Hatta çocuklar ekran kullanırken biyolojik ihtiyaçlarının (acıkma, susama,
tuvalet ihtiyacı vb.) dahi farkında değiller. Ekran kullanımı sırasındaki
sağlıksız beslenme, derslere karşı ilgisizlik, medya ortamlarında maruz kalınan
zararlı içerikler, bozulan aile içi iletişim ve daha sayamadığımız onlarca
olumsuzluk.
Sevgili
anneler babalar, insan yavrusu bakımı en zor canlı yavrularından biridir ve
anne baba olmak bu yüzden oldukça zor ve meşakkatlidir.

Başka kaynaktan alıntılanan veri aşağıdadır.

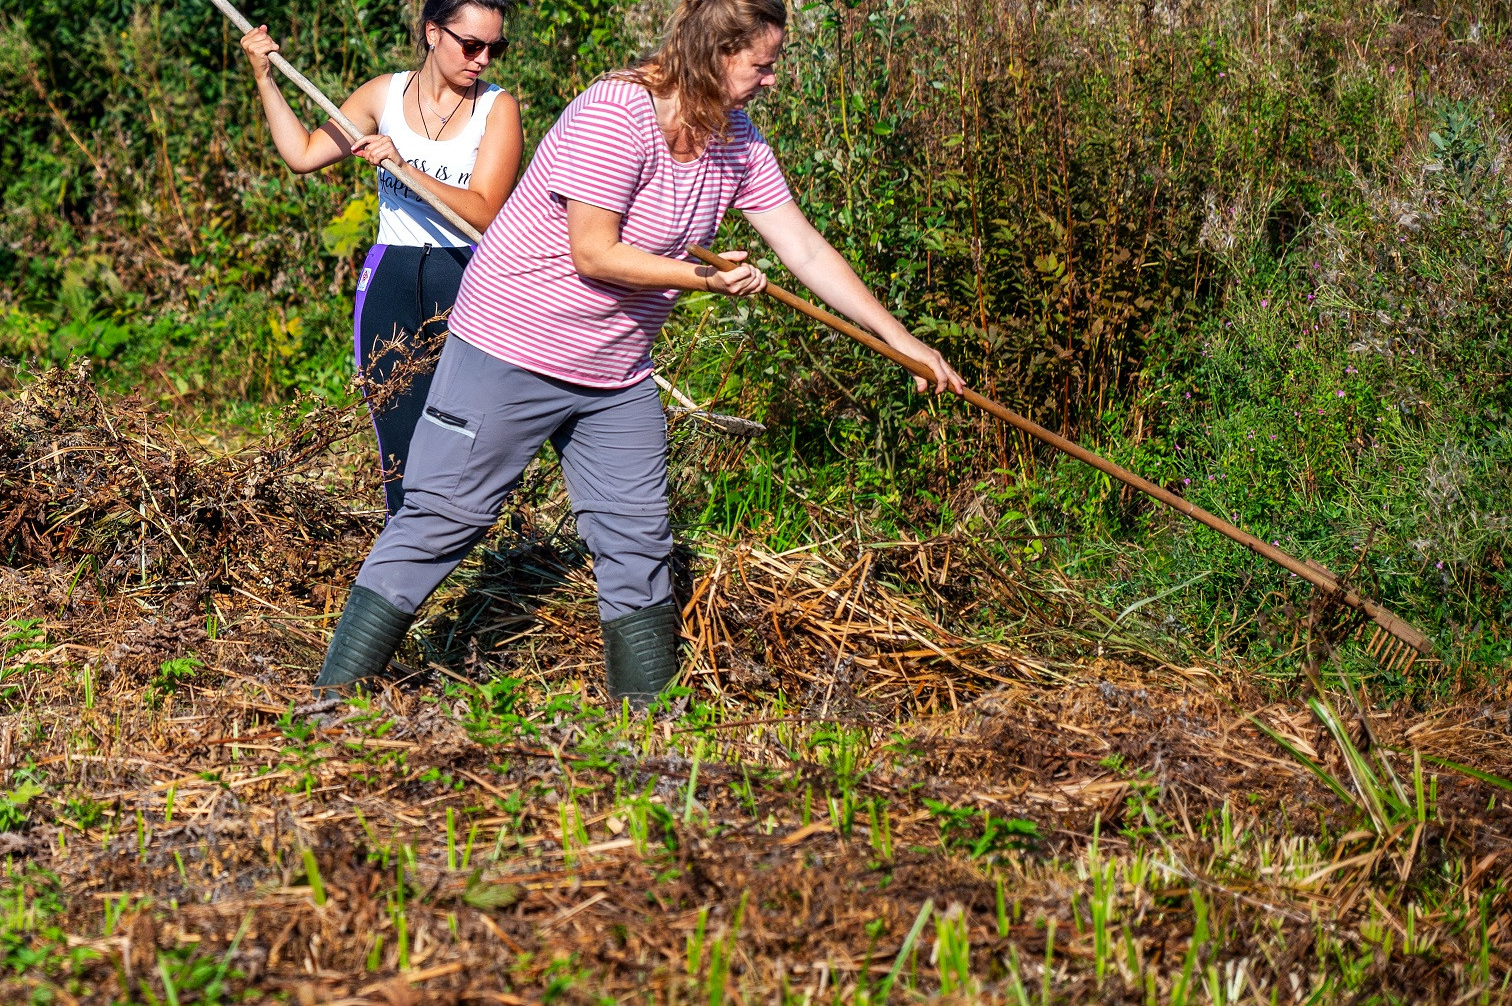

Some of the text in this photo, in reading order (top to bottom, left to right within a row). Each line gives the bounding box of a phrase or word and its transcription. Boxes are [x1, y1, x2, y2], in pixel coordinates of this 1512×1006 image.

[379, 169, 423, 203] Happ
[435, 165, 452, 181] is
[457, 172, 472, 185] m

Lütfen çocuklarımızı
ekranların karşısında elektronik narkozla uyuşturmayalım. Çocuklar yürüyerek,
koşarak, konuşarak, sorgulayarak, araştırarak, keşfederek ve yaşayarak
öğrenirler. Lütfen onları saatlerce ekranlara maruz bırakmayalım. Ekran
kullanmak her yaşta mümkün ve öğrenilebilir. Fakat sağlıklı ve mutlu
geçirilmemiş bir çocukluğun telafisi mümkün değildir.